The Winkler Method Based on: Reactions: releasing iodine= oxygen present in the sample Titration of liberated iodine

Winkler Method Determine the presence of O2 Oxidize iodide until it is a pale straw color Change color to blue Titrate until the solution is colorless Note the final reading

Winkler Method: Step 1 Add Manganous Sulfate & alkali iodide reagents If no oxygen is present: Mn++ + 2OH- = Mn(OH)2 White Manganese hydroxide If oxygen is present: Mn++ + 2OH- + 1/2O2= MnO2 + H2O Brown Manganese Dioxide

Winkler Method: Step 2 Add sulfamic acid. MnO2 + 4H+ +2I- = Mn++ + I2 + 2H2O Iodine is formed by oxidation of iodide

Winkler Method: Step 3 Titrate liberated iodine with sodium thio-sulfate standard solution 2 Na2S2O3 + I2 = Na2 + S4 + 2 Nal The color changes to a pale straw colored yellow

Winkler Method Step 4: Add Starch indicator- color changes to dark blue/black Step 5: Continue titration until solution becomes colorless Step 6: Note the final reading is the dissolved oxygen

Dissolved Oxygen Summary Significance: monitor normal aquatic life Solubility of Oxygen depends on partial pressure, temperature, and salinity of water Liberated iodine equal to DO Use a graph in lab handout to find saturation

Dissolved Oxygen is Awesome!!

Food for thought  Only a small fraction of the sunlight that reaches the Earth’s surface is actually used in photosynthesis. Much of the radiation hits things that do not photosynthesize and if they do hit photosynthetic organisms, only certain wavelengths are captured by the pigments Knowing this, how much energy in the form of organic compounds do you think is produced by the Earth’s primary producers each year?

That’s a LOT of Energy!!

Primary Production Primary Production- the amount of light energy converted to chemical energy by autotrophs during a given time period These photosynthetic products are the starting point for most studies of ecosystem metabolism and energy flow. Consumers require their organic fuels second or third hand through food.

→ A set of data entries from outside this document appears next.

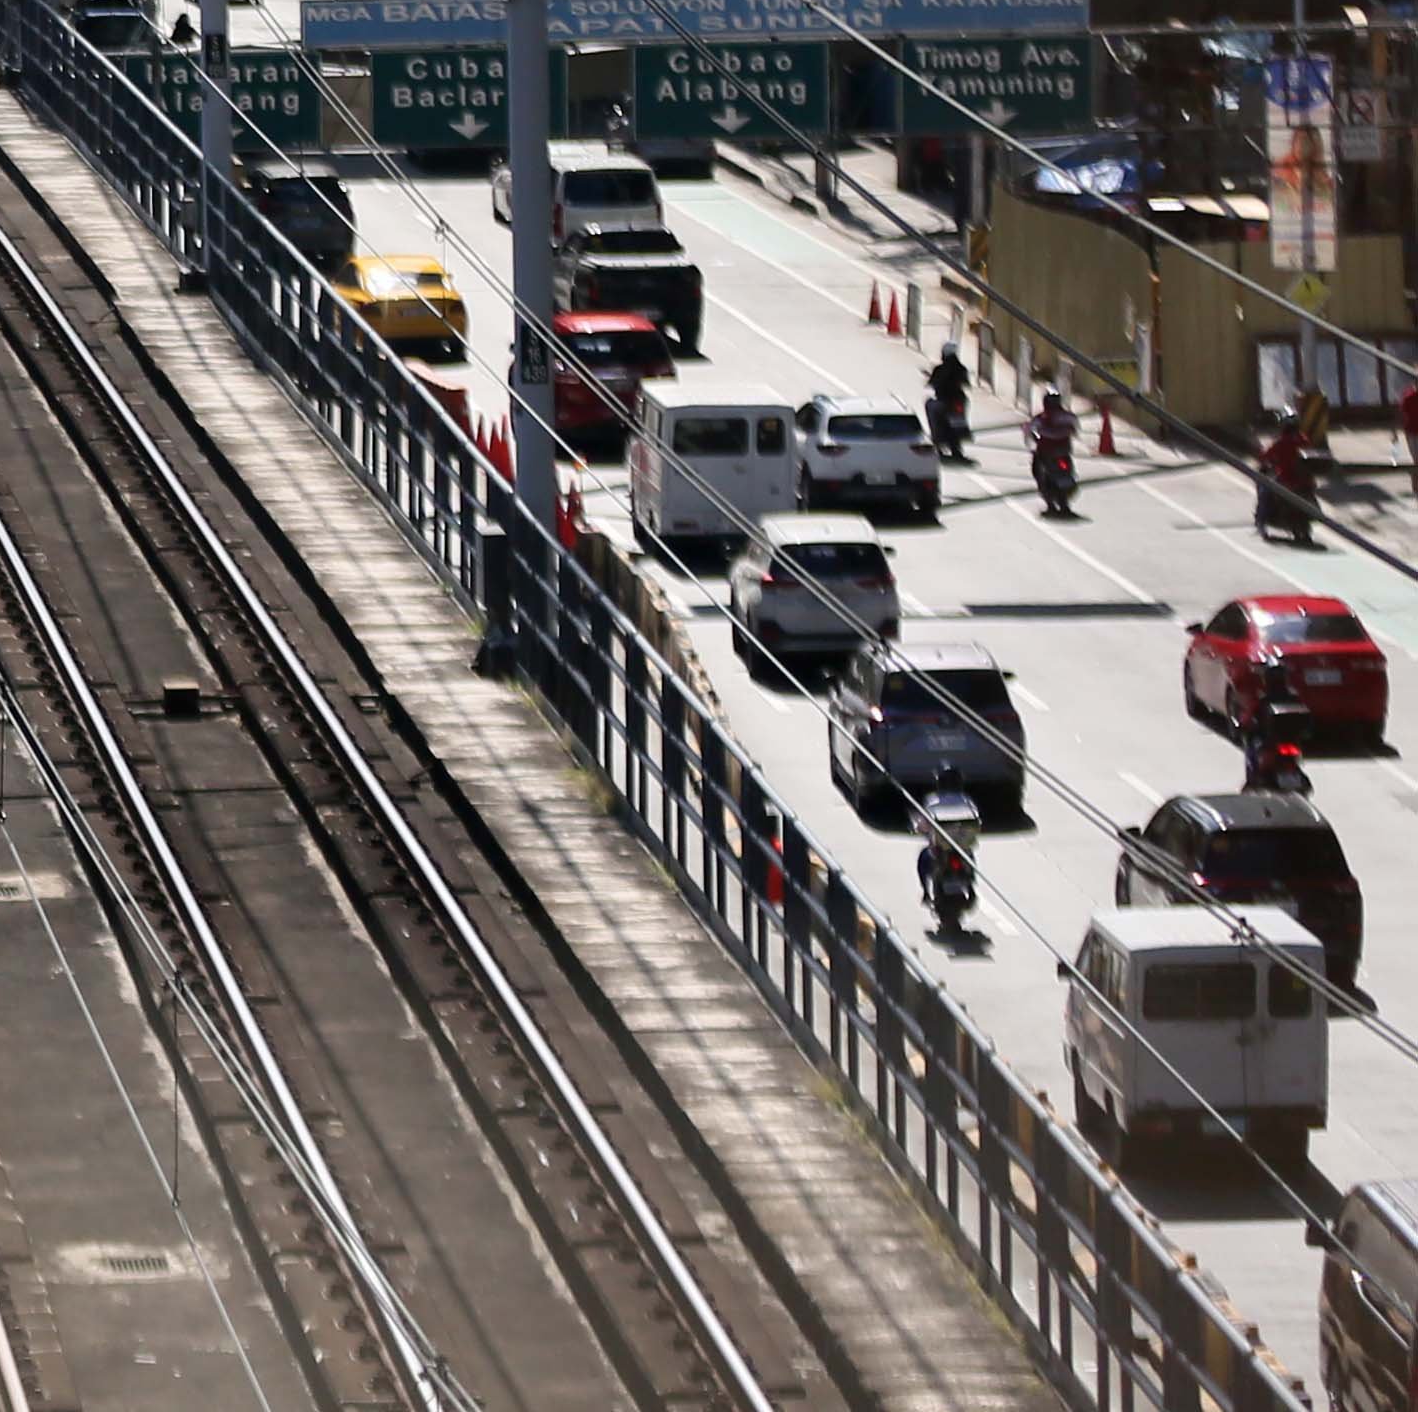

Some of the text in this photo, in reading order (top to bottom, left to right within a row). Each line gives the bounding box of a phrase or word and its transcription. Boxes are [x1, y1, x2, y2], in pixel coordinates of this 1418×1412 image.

[306, 6, 372, 23] MGA
[382, 2, 507, 23] BATAS
[547, 15, 663, 35] APAT
[667, 50, 793, 73] Cubao
[916, 41, 1081, 72] Timog Ave.
[406, 57, 505, 80] Cuba
[392, 85, 505, 109] Baclar
[919, 72, 1076, 100] Kamuning

Primary Productivity Unlike primary production, Primary productivity is defined as the rate at which organic materials are used or stored. Primary production= amount Primary productivity= rate

Photosynthesis role Green plants obtain Carbon for carbohydrate synthesis from the carbon dioxide in the water or the air according to photosynthesis: 6CO2 + 6H2O  C6H12O6 + 6O2 The rate of carbon dioxide ultilization, the rate of formation of organic compounds, or the rate of oxygen production can be used as a basis for measuring primary productivity.

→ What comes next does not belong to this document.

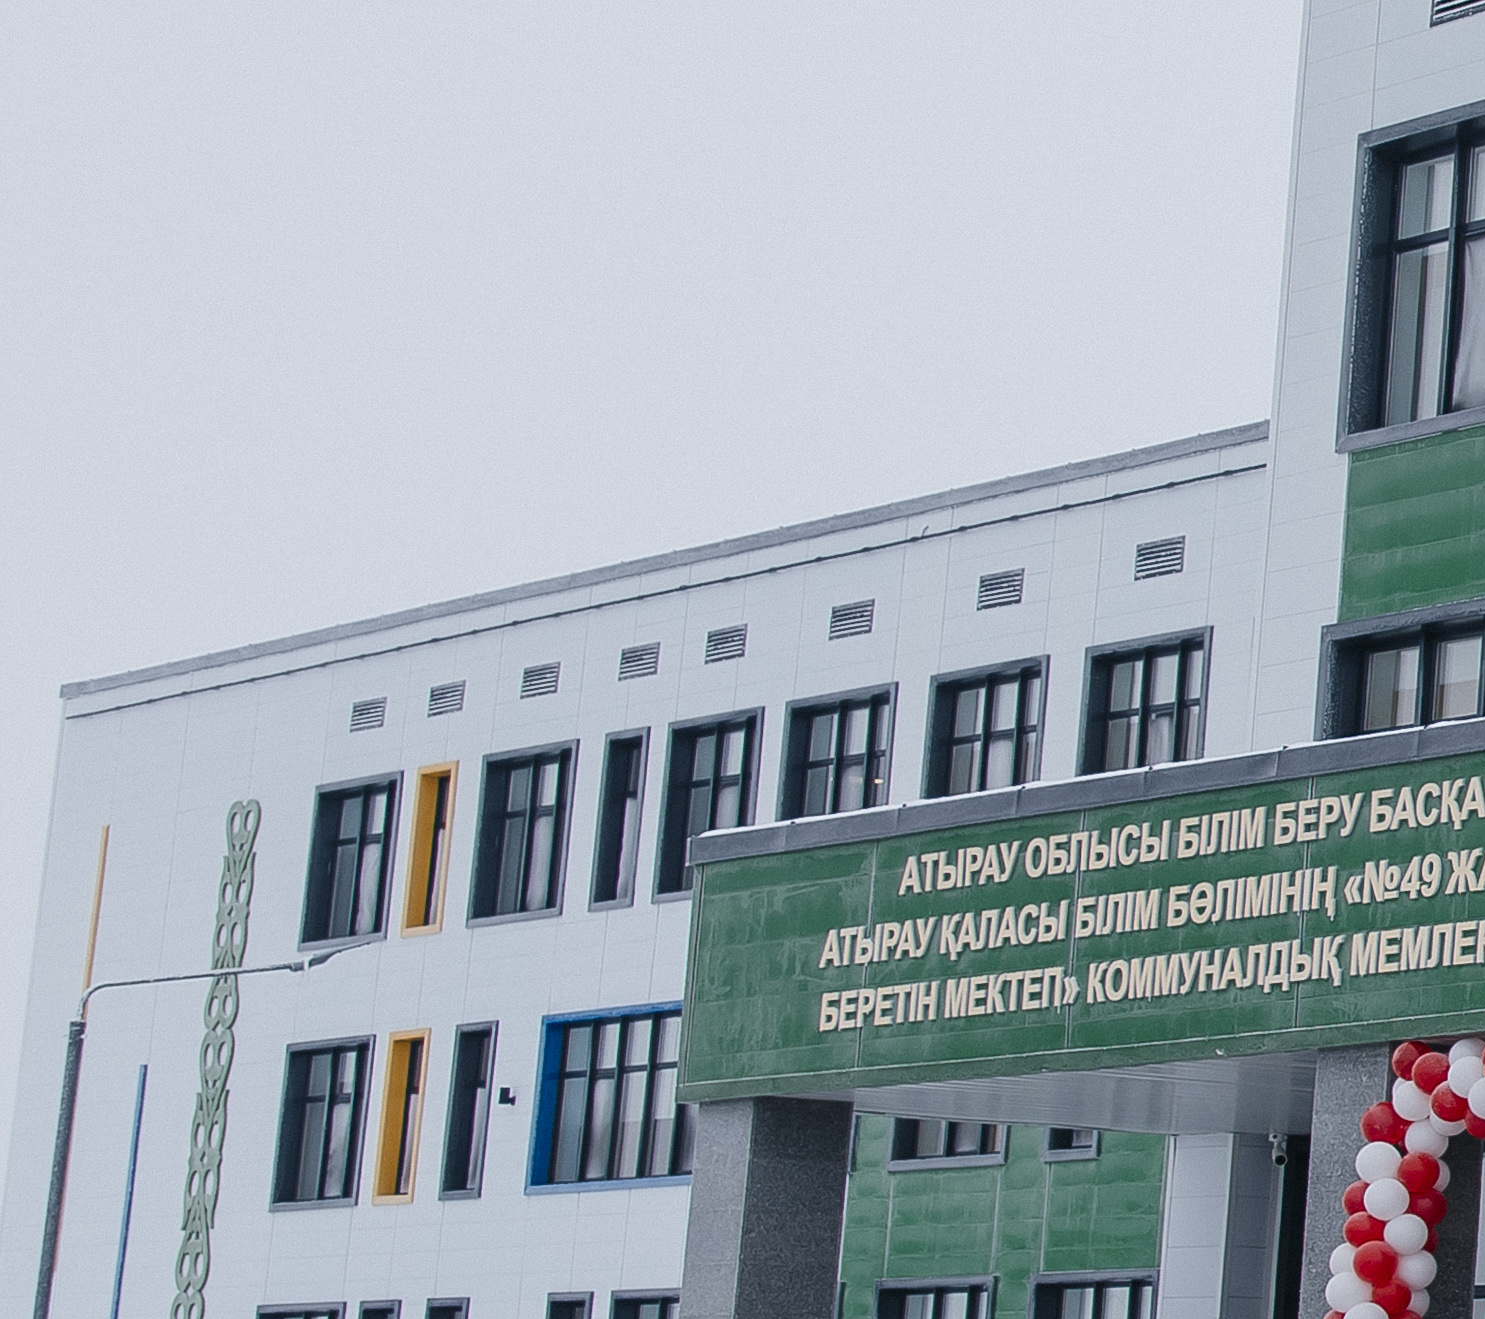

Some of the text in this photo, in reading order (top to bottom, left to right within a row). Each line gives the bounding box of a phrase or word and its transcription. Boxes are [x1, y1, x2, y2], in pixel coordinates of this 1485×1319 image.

Oxygen Production The measure of oxygen production over time provides a means of calculating the amount of carbon that has been bound in organic compounds over a period of time. Each milliliter of oxygen produced is approximately 0.536 milligrams of carbon being assimilated.

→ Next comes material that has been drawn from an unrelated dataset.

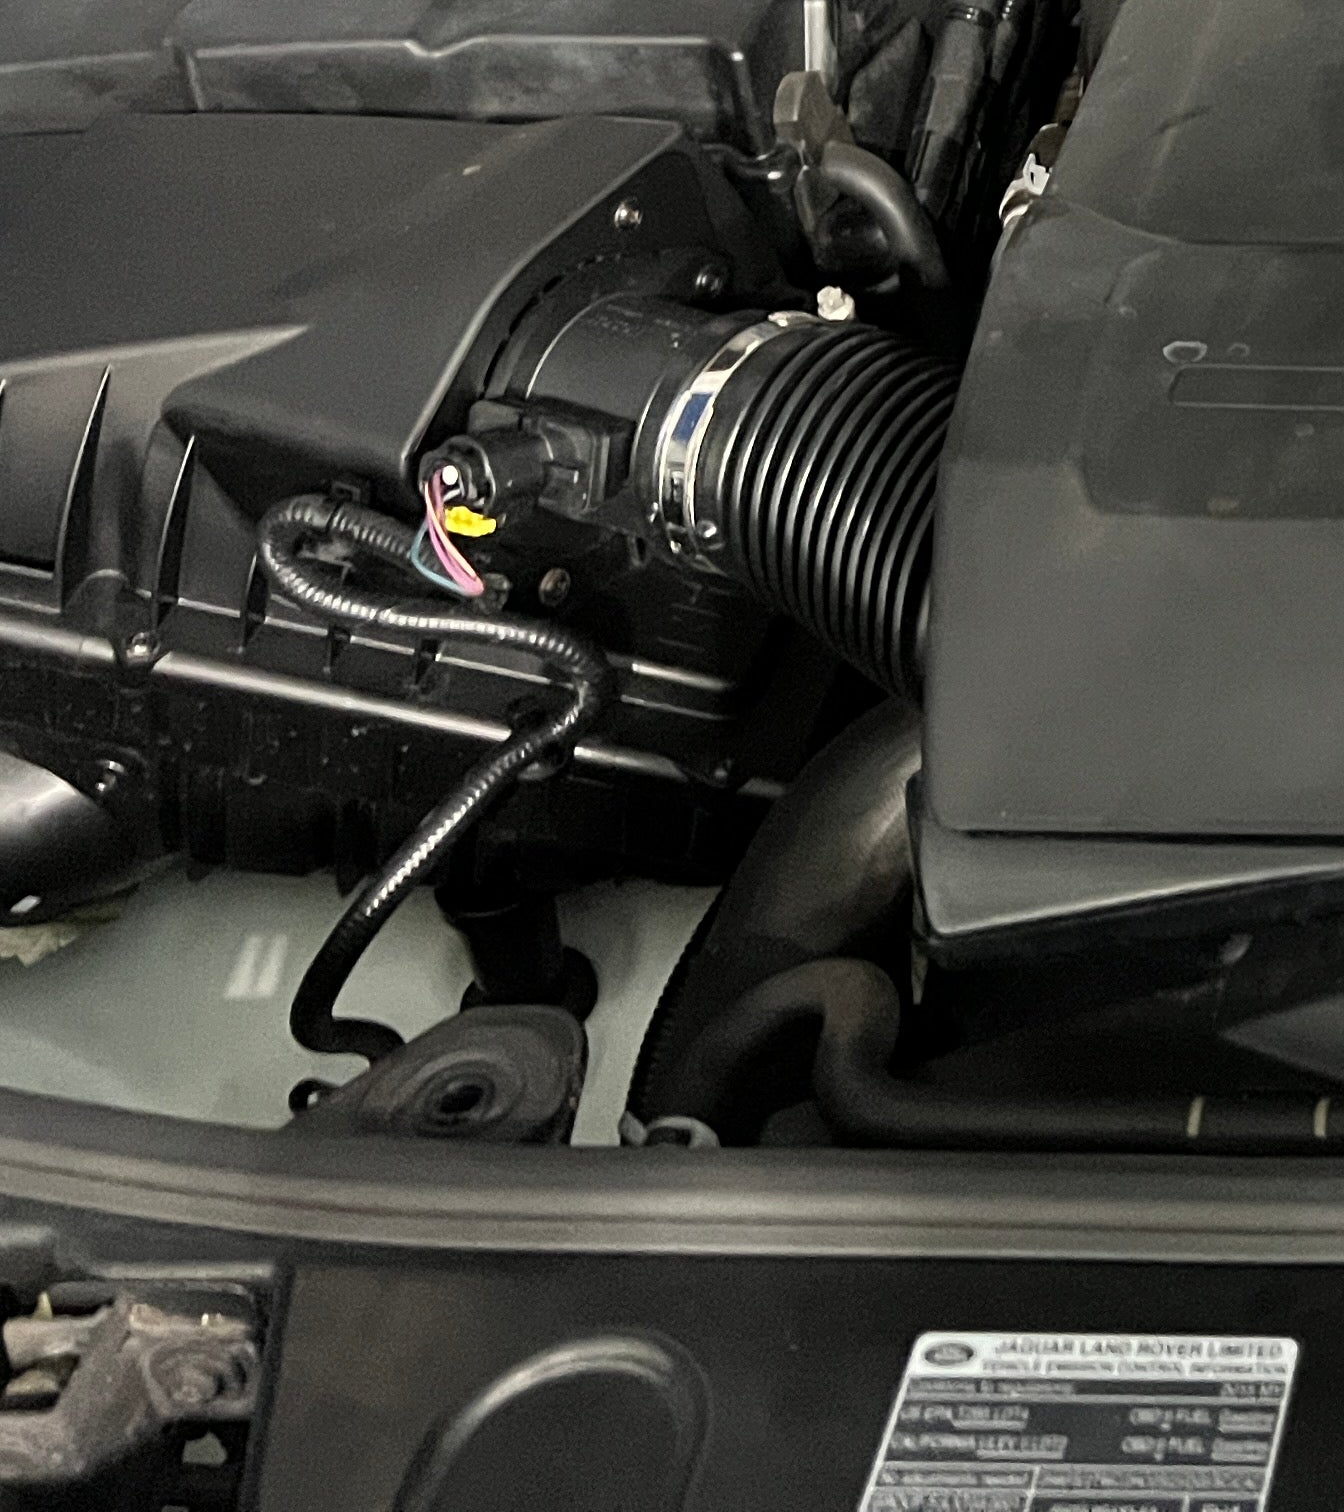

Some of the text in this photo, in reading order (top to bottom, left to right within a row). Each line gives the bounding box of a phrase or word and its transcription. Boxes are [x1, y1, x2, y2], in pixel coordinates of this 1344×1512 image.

[995, 1338, 1283, 1358] JAGUAR LAND ROVER LIMITED

How do we measure O2 Production? Light and Dark Bottle Method DO concentrations of water samples are compared before or after incubation in light or darkness. The difference between the measurements of DO in the initial and dark bottles is an indication of the amount of O2 being consumed in respiration by the organisms in the bottle

Gross vs. Net Primary Production Gross Primary Production (GPP)- the amount of energy from light converted to the chemical energy of organic molecules per unit time Net Primary Production (NPP)- gross primary production minus the energy used by the primary producers for their autotrophic respiration (Ra) NPP= GPP – Ra To ecologists, NPP is key because it represents the storage of chemical energy that will be available to consumers in an ecosystem

Net Productivity In the bottles exposed to light, photosynthesis and respiration are occuring Net Productivity- The change over time in DO concentration from the initial concentrations

How does this apply to life? Think- Pair- Share Activity  At what time of day would gross productivity be the highest in a eutrophic lake? Justify your answer

Summary DO can be a measure of productivity and health of a body of water The higher the DO, the higher the productivity of a body of water Photosynthesis raises the amount of organic compounds being reduced therefore raising the DO levels

Exit Slip Knowing what you know about photosynthesis, DO levels and productivity, predict what the graph of productivity levels may look like on a cloudy day Justify your answer How would it compare to a sunny day? What factors are involved?